Welcome to Q&A! Each month we catch up with someone from the testing community or beyond, to talk about testing and quality in the world of technology and software development.
Some guests you may know well, and others might be less familiar. I hope you will learn something new about each of them, and something new from each of them. Each will bring their own perspectives and insights on quality and testing.
The format will be the same each time:
- a little information about this month’s guest and what they are currently up to
- some questions for them to answer
- some answers for them to question (the ‘Jeopardy’ section where I will provide the answer and ask the interviewee to give me the question)

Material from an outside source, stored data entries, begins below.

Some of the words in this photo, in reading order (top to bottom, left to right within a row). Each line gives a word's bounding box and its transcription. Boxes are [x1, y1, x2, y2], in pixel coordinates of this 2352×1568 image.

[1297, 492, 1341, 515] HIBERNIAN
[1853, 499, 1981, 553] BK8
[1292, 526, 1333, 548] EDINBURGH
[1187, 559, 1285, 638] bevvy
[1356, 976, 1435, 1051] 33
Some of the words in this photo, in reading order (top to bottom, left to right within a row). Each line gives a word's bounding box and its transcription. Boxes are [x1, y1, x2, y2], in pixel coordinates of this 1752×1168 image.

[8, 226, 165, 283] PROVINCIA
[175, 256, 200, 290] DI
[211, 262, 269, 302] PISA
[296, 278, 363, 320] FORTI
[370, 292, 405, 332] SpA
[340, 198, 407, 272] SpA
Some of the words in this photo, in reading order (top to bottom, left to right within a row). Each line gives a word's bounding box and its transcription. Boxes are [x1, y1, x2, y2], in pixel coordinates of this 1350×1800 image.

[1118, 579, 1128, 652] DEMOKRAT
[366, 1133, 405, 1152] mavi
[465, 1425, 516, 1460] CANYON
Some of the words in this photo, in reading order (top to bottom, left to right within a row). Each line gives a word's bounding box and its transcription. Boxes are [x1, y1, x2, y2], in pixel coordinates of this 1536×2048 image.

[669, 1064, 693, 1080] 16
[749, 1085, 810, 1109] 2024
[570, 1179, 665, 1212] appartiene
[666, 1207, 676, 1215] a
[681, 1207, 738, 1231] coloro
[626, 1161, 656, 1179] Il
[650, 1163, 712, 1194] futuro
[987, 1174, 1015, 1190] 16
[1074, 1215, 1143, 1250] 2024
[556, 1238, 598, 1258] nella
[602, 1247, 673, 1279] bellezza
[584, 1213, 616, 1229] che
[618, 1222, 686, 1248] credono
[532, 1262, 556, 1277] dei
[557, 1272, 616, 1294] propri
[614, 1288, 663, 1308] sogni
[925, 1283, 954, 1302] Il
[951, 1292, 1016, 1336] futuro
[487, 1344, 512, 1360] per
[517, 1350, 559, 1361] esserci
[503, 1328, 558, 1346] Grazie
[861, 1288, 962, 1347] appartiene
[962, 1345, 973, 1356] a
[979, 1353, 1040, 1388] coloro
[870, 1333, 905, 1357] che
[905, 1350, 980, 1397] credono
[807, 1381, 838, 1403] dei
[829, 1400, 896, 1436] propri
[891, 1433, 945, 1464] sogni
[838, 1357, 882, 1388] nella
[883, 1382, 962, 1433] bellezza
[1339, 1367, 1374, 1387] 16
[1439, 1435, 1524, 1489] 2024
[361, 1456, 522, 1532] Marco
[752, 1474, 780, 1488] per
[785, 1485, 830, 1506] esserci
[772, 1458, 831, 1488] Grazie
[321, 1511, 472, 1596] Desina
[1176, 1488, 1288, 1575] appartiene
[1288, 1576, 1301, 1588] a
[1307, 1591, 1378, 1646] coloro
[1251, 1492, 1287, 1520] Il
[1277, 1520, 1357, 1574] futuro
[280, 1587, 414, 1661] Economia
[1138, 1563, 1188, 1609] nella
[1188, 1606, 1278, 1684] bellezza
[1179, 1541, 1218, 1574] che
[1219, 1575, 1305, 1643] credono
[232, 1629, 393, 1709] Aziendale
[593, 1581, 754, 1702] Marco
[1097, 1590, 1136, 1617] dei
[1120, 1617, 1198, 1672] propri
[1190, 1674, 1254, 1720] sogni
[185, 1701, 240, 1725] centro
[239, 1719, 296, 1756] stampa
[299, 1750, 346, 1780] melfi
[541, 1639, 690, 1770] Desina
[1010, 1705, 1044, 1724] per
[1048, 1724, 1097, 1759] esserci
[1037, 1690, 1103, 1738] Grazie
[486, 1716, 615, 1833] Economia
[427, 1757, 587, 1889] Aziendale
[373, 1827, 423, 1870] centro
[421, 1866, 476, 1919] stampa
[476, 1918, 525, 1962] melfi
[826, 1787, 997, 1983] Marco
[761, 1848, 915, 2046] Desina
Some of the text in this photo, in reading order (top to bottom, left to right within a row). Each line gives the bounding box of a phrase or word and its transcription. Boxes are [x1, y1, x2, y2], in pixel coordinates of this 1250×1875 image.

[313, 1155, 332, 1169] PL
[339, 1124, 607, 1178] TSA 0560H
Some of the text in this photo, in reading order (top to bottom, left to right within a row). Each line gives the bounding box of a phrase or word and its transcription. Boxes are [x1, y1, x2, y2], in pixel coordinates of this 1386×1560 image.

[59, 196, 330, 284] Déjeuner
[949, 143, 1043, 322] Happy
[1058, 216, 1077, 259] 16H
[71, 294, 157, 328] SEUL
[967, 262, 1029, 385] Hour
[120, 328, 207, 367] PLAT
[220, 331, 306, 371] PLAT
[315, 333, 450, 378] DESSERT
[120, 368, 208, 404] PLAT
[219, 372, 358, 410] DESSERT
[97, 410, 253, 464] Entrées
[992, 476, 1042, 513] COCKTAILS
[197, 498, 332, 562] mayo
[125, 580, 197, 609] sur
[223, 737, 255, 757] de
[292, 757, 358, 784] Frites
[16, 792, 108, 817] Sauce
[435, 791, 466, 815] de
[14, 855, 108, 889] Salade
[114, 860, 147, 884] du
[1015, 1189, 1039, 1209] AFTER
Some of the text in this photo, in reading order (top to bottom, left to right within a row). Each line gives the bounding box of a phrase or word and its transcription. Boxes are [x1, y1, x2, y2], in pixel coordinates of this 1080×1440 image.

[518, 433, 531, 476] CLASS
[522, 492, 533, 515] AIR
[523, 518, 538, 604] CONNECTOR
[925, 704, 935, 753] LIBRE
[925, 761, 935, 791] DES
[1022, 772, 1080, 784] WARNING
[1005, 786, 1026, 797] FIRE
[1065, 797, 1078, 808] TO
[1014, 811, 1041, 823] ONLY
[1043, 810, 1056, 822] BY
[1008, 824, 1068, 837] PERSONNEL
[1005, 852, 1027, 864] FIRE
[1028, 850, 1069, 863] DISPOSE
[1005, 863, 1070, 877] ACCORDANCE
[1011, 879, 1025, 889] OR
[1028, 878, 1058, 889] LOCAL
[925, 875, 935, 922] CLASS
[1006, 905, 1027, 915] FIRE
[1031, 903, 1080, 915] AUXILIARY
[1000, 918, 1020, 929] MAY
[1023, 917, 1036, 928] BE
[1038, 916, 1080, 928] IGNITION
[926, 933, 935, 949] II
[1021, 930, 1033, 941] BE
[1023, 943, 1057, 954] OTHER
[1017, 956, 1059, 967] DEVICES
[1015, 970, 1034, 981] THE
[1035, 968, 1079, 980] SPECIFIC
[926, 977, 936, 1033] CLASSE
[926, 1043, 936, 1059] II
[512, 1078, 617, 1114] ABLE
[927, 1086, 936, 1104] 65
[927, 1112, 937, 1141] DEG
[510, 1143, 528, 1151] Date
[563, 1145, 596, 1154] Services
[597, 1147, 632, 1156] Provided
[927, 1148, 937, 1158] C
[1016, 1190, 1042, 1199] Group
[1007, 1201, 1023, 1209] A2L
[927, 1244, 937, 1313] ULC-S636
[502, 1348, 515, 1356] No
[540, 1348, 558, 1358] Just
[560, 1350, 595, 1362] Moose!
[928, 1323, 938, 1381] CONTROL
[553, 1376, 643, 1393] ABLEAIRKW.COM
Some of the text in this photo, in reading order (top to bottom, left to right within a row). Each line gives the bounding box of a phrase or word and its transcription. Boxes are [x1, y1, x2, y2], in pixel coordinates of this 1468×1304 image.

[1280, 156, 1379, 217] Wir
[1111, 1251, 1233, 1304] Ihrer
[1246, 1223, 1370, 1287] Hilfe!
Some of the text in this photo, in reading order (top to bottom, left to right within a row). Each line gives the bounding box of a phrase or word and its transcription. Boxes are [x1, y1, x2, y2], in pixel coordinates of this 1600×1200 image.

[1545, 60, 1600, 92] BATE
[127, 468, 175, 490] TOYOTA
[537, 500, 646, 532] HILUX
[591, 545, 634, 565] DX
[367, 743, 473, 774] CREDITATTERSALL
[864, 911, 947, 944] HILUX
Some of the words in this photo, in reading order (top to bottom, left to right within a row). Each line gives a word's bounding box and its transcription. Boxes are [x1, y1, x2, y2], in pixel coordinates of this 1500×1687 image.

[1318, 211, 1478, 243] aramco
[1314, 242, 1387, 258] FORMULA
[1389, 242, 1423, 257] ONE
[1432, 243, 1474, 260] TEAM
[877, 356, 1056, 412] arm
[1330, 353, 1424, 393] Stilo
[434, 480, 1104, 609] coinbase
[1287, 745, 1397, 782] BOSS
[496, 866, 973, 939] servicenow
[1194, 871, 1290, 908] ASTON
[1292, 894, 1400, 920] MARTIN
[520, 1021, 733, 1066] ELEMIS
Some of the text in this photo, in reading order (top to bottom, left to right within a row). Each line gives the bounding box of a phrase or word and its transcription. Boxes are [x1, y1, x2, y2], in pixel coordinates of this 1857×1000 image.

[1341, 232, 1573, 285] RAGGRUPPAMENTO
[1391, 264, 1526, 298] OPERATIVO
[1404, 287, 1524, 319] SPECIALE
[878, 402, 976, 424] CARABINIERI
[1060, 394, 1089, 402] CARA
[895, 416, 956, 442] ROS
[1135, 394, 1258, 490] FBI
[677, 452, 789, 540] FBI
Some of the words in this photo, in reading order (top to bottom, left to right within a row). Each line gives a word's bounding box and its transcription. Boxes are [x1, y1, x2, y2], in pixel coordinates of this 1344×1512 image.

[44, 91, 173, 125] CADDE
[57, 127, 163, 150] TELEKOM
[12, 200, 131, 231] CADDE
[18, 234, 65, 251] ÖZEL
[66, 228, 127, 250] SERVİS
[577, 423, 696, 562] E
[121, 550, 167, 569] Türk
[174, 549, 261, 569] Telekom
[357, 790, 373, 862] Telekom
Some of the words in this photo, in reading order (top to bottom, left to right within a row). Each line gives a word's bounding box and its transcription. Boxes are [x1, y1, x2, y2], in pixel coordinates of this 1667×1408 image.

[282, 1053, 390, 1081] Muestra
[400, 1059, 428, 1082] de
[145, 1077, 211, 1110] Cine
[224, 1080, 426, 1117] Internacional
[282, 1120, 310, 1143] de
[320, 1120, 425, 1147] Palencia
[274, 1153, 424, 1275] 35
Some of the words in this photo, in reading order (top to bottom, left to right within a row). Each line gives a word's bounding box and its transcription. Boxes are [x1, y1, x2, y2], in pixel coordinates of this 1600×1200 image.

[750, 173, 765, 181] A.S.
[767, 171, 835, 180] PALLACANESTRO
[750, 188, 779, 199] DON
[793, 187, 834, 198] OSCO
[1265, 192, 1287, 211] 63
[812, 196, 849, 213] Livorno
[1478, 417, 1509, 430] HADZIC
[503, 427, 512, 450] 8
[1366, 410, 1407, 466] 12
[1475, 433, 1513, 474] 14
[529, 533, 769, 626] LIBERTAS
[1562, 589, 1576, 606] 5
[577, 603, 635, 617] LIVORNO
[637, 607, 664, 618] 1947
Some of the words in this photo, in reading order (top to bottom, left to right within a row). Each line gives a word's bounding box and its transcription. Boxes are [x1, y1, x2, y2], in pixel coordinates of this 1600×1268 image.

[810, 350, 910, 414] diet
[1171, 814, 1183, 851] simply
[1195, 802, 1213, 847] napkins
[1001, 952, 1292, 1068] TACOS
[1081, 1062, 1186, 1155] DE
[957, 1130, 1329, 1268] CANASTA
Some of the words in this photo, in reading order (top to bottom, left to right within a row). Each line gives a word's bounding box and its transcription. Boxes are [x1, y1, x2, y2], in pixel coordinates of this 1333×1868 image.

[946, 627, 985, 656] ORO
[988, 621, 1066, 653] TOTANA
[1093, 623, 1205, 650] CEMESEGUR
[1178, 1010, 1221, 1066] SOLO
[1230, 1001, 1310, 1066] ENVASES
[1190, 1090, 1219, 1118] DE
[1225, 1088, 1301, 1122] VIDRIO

- finally, the ‘Pass it on’ section with a question from last month’s participant and the opportunity to pose a question for next month’s guest
Our guest this month is Jean Ann Harrison. Jean Ann has been in the Software Testing and Quality Assurance field for almost 2 decades, including 10 years as a mobile software tester. She is a globally recognized a mobile testing software specialist, mentor, trainer, writer, and public speaker.
Jean Ann’s software testing experience covers various industry domains including medical diagnostic tools, surgical tools, healthcare facilities and insurance, law enforcement, publishing, and the film industry.
Jean Ann is a consistent speaker at various software testing conferences. She actively mentors, conducts training and workshop sessions, publishes webinars, participates in podcasts, reviews and contributes to several books.
You can follow Jean Ann on Twitter here: @JA_Harrison
Hi Jean Ann and welcome to Q&A. Would you like to tell us about anything interesting you’ve been involved in recently, any exciting upcoming ventures, or just what you are working on at the moment?
As I recently joined Thales Avionics, I am putting my focus on learning how the many pieces of software integrate with the operating system and hardware for a passenger on a plane. The complexities of the integration as well as maintaining compliance to FAA regulations is quite a challenge.
If you encountered a version of yourself from earlier in your career, and talked about how you approach your work, what would you disagree on?
My younger, less experienced self put focus on one entity whether it was understanding hardware only, operating system or software, and not understanding how an entire system works including understanding the inter-dependencies. 11 years ago, when I first started testing mobile device software, I started to see how important it is to take the time to learn how the hardware and operating system conditions affect software behaviour. This understanding grew as I tested a couple of mobile medical devices and then experiencing the dependencies when testing apps on smartphones and tablets.
When you look back at your career so far, what do you consider to be the highlight(s)?
To be recognized for hard work and invited to speak at testing conferences, to be able to interact with such talented testers and to be invited to contribute to articles, webinars and to books. I’ve also been asked to technically review a few books on mobile testing by highly respected testing consultants. Finally, I was asked to contribute a chapter to a book written by Eran Kinsbrunner of Perfecto Mobile. The book is called: “The Digital Quality Handbook: Guide for Achieving Continuous Quality in a DevOps Reality.” The recognition over the years is truly the culmination of many hours of hard work and I’m so honoured to have gained a reputation to helping others reach beyond their testing goals.
When you think back to these highlights, what were the most important lessons you learned?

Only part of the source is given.